Chapter 21 – Elara

I wake to the soft hush of morning, the kind that should bring peace—but doesn’t. The manor feels too big, too still, too empty without him. Sunlight filters through the window, warm and golden, but it only sharpens the ache in my chest.

Roman is gone.

He’s gone to lead his men into battle. This time against my father’s network. Against the same darkness that’s haunted both of us since the beginning.

I pull the sheets closer, his scent still clinging to them—smoke, cedar, something warm and restless. My chest tightens.

Last night replays in my mind like a fever dream. His hands on my face. His voice breaking open the silence between us. I love you so much, Elara.
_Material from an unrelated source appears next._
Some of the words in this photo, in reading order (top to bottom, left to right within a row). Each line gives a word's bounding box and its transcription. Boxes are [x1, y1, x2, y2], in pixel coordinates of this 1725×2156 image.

I didn’t think I’d ever hear those words from him. Roman has always shown it—in the way he touches, shields, and fights for me—but to hear it out loud…it undid something inside me.

I love him too.

I want him to return so I can scream it to the skies, sing it from the rooftops until the whole world knows—I love him. So much it almost hurts. The kind of love that burns through fear, through reason, through everything I used to believe about safety.

Tears sting my eyes as I stare out the window, the morning stretching endlessly before me. I hope he’s safe. I hope he comes back to me in one piece.
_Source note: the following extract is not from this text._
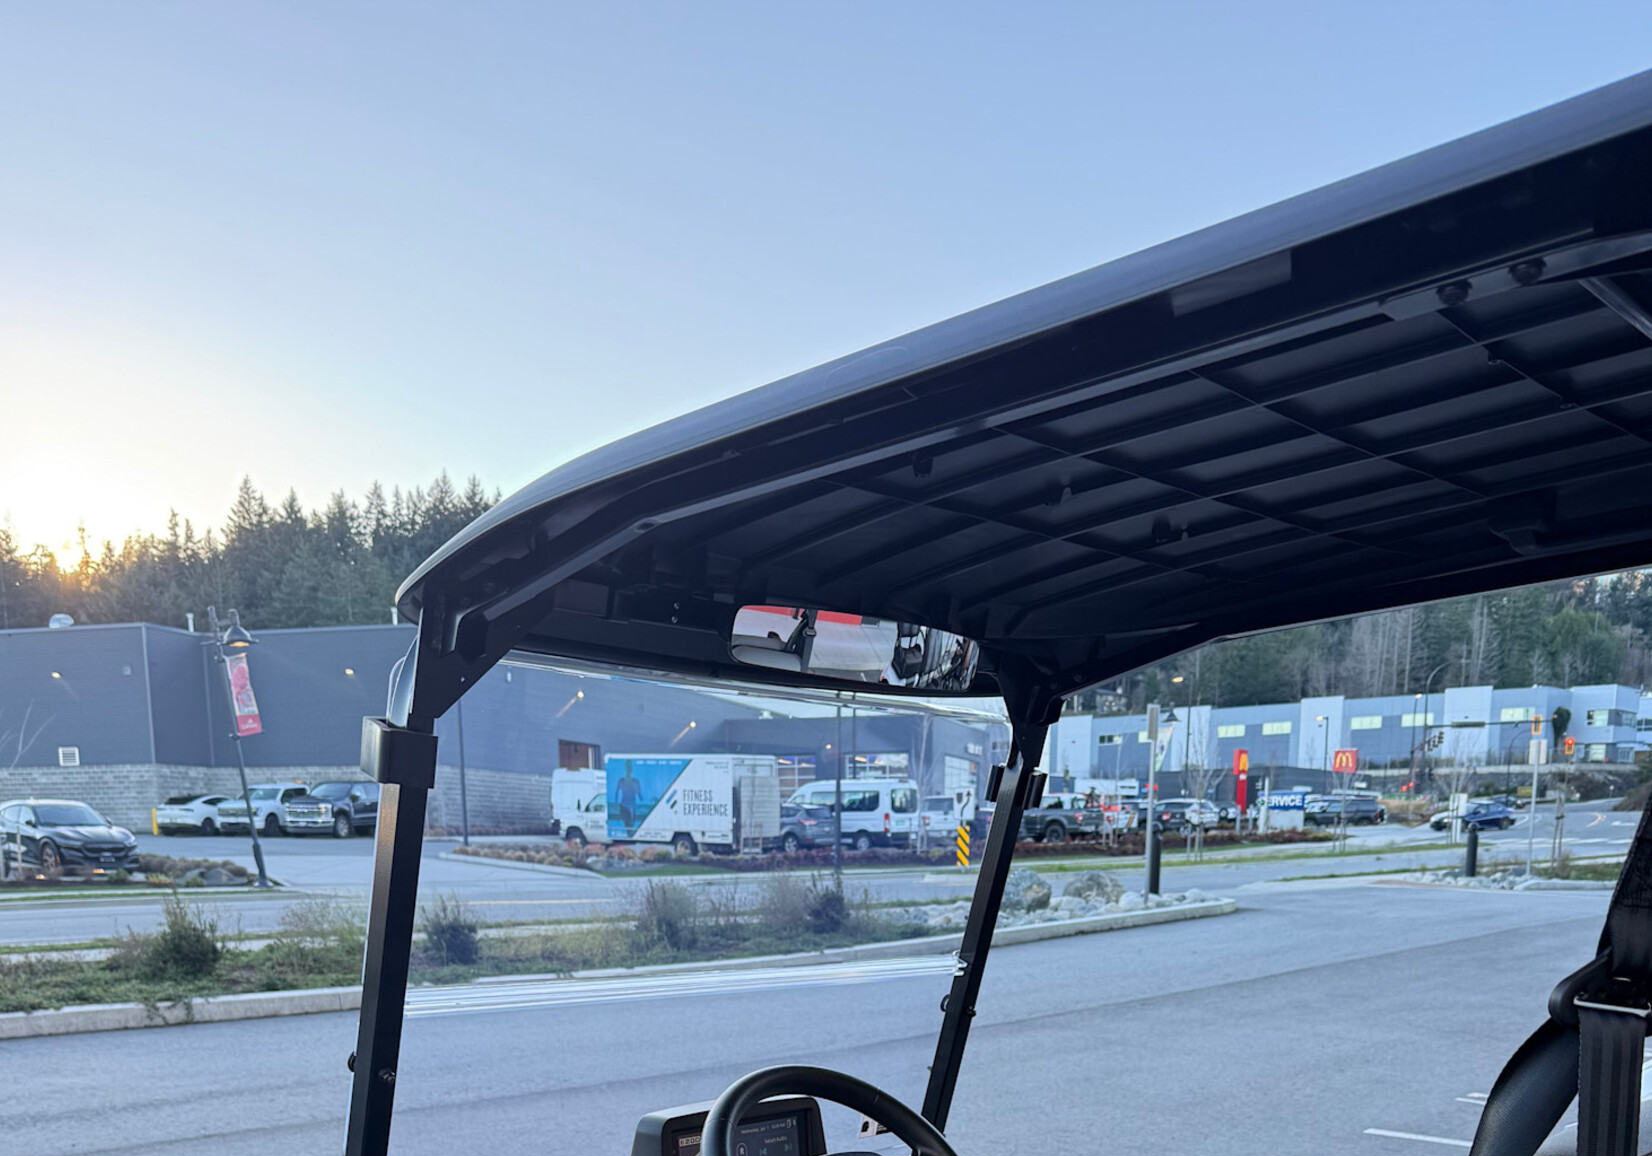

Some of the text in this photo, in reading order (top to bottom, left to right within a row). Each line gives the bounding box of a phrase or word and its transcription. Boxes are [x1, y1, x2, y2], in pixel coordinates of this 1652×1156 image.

Because I know my father. I know the kind of man David Chang is—vicious, cruel, unrelenting. He doesn’t forgive, and he doesn’t lose.

And Roman…Roman has walked straight into his storm.

I stay in bed all day, cocooned in silence. Even when the maids knock with breakfast, I tell them to leave it by the door. I can’t eat. I can’t move. The sheets still smell like him—cedarwood and smoke—and every breath I take feels like punishment.

I stare at the ceiling until the light shifts from morning to afternoon. The world moves on outside my window, but nothing interests me. Not food. Not conversation. Not even the sunlight that used to make this room glow.

All I can think about is Roman. Where he is. Whether he’s still breathing. Whether the man I love is fighting for his life while I lie here, useless and afraid.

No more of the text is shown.